- WHAT IS NEEDED -
Go through the entries below and print, exactly, the lines starting at the one with "this 1280×1739 image." and ending at the one with "this 1500×2000 image.", keeping both ends and no others.

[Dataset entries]
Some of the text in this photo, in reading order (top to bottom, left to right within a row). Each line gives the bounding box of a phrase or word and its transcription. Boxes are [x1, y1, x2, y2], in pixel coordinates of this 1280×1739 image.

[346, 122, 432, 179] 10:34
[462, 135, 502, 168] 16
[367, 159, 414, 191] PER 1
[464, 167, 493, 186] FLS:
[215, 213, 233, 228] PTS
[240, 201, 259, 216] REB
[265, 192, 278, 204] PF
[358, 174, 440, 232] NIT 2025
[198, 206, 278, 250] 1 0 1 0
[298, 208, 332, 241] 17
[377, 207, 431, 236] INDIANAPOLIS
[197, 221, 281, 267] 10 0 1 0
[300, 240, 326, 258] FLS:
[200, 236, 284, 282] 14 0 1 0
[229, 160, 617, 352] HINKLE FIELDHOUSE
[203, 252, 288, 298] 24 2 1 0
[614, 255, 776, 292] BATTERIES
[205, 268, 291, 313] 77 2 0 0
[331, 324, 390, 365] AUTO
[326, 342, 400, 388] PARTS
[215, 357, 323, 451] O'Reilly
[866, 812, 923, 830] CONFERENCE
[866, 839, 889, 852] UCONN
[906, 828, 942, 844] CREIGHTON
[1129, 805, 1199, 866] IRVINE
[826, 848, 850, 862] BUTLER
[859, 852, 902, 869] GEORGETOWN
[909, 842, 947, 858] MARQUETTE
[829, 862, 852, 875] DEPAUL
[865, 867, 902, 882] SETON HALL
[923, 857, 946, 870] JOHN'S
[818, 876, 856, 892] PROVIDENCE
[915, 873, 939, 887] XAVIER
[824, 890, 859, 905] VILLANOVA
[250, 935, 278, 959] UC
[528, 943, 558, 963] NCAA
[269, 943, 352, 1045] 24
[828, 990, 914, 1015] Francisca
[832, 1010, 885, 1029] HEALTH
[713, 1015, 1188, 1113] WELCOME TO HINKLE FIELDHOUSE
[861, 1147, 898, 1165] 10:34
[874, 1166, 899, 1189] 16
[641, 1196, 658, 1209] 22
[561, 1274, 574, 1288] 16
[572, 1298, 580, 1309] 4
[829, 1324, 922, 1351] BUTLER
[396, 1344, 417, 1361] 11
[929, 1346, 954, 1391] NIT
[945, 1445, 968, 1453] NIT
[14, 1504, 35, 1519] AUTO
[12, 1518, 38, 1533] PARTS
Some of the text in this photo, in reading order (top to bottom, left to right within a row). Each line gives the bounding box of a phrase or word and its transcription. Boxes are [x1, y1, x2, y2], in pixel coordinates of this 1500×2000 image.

...

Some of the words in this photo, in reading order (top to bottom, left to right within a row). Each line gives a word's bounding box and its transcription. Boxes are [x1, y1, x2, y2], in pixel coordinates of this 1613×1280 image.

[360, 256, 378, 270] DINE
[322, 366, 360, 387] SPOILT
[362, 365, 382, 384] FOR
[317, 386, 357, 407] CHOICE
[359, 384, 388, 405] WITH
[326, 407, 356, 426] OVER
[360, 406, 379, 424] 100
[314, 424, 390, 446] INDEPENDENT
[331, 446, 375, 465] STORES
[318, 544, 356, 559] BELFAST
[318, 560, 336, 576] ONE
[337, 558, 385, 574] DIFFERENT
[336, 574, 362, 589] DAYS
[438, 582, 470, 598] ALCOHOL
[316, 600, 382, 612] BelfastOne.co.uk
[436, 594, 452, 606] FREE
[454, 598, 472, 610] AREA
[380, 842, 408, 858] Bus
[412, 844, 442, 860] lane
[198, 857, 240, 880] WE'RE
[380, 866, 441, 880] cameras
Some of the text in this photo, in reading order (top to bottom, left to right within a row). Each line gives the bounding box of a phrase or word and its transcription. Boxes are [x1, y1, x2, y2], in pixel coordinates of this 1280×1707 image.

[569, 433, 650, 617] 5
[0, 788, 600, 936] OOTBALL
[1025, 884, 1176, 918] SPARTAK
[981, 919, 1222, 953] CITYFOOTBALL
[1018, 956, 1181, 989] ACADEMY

==

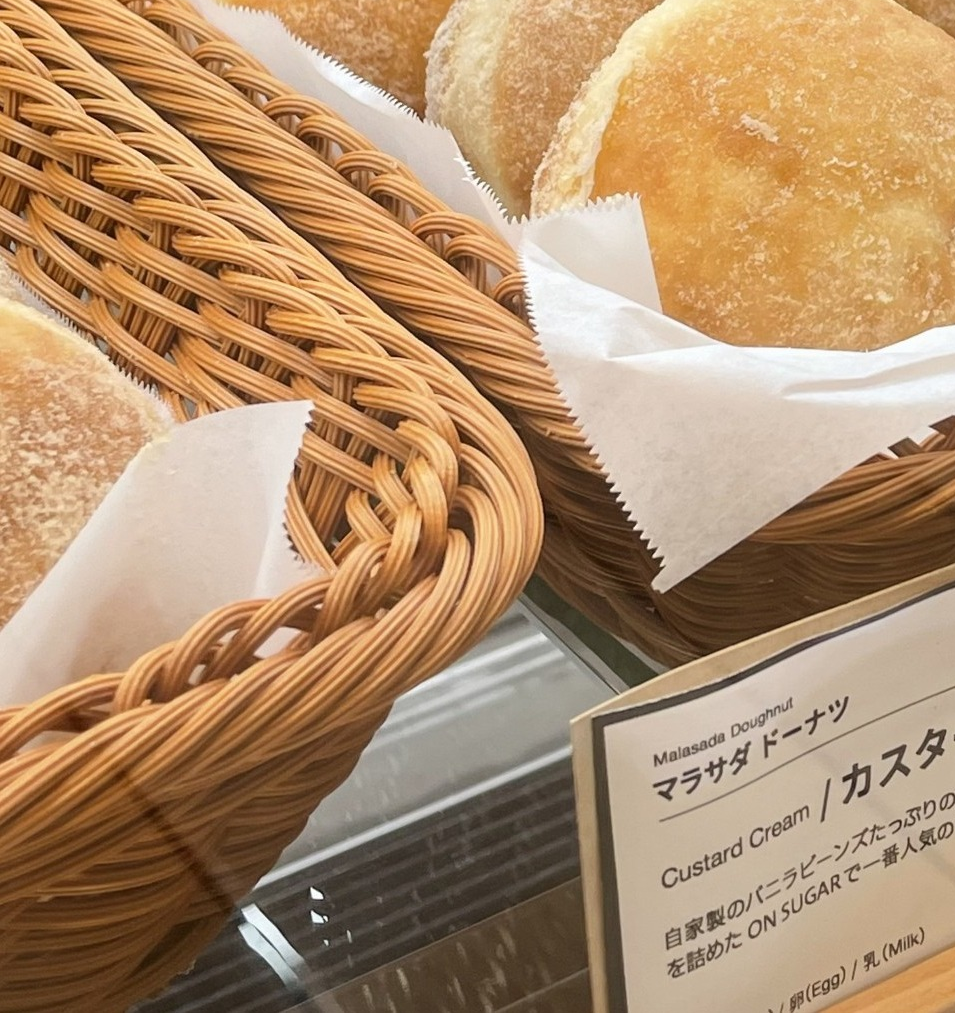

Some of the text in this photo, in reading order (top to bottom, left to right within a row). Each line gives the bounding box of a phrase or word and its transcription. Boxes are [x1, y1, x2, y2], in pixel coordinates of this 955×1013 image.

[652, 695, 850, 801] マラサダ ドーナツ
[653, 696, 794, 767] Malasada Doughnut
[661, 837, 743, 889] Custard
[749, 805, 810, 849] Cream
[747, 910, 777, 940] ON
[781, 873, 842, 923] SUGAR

- TASK RESPONSE -
Some of the text in this photo, in reading order (top to bottom, left to right within a row). Each line gives the bounding box of a phrase or word and its transcription. Boxes are [x1, y1, x2, y2], in pixel coordinates of this 1280×1739 image.

[346, 122, 432, 179] 10:34
[462, 135, 502, 168] 16
[367, 159, 414, 191] PER 1
[464, 167, 493, 186] FLS:
[215, 213, 233, 228] PTS
[240, 201, 259, 216] REB
[265, 192, 278, 204] PF
[358, 174, 440, 232] NIT 2025
[198, 206, 278, 250] 1 0 1 0
[298, 208, 332, 241] 17
[377, 207, 431, 236] INDIANAPOLIS
[197, 221, 281, 267] 10 0 1 0
[300, 240, 326, 258] FLS:
[200, 236, 284, 282] 14 0 1 0
[229, 160, 617, 352] HINKLE FIELDHOUSE
[203, 252, 288, 298] 24 2 1 0
[614, 255, 776, 292] BATTERIES
[205, 268, 291, 313] 77 2 0 0
[331, 324, 390, 365] AUTO
[326, 342, 400, 388] PARTS
[215, 357, 323, 451] O'Reilly
[866, 812, 923, 830] CONFERENCE
[866, 839, 889, 852] UCONN
[906, 828, 942, 844] CREIGHTON
[1129, 805, 1199, 866] IRVINE
[826, 848, 850, 862] BUTLER
[859, 852, 902, 869] GEORGETOWN
[909, 842, 947, 858] MARQUETTE
[829, 862, 852, 875] DEPAUL
[865, 867, 902, 882] SETON HALL
[923, 857, 946, 870] JOHN'S
[818, 876, 856, 892] PROVIDENCE
[915, 873, 939, 887] XAVIER
[824, 890, 859, 905] VILLANOVA
[250, 935, 278, 959] UC
[528, 943, 558, 963] NCAA
[269, 943, 352, 1045] 24
[828, 990, 914, 1015] Francisca
[832, 1010, 885, 1029] HEALTH
[713, 1015, 1188, 1113] WELCOME TO HINKLE FIELDHOUSE
[861, 1147, 898, 1165] 10:34
[874, 1166, 899, 1189] 16
[641, 1196, 658, 1209] 22
[561, 1274, 574, 1288] 16
[572, 1298, 580, 1309] 4
[829, 1324, 922, 1351] BUTLER
[396, 1344, 417, 1361] 11
[929, 1346, 954, 1391] NIT
[945, 1445, 968, 1453] NIT
[14, 1504, 35, 1519] AUTO
[12, 1518, 38, 1533] PARTS
Some of the text in this photo, in reading order (top to bottom, left to right within a row). Each line gives the bounding box of a phrase or word and its transcription. Boxes are [x1, y1, x2, y2], in pixel coordinates of this 1500×2000 image.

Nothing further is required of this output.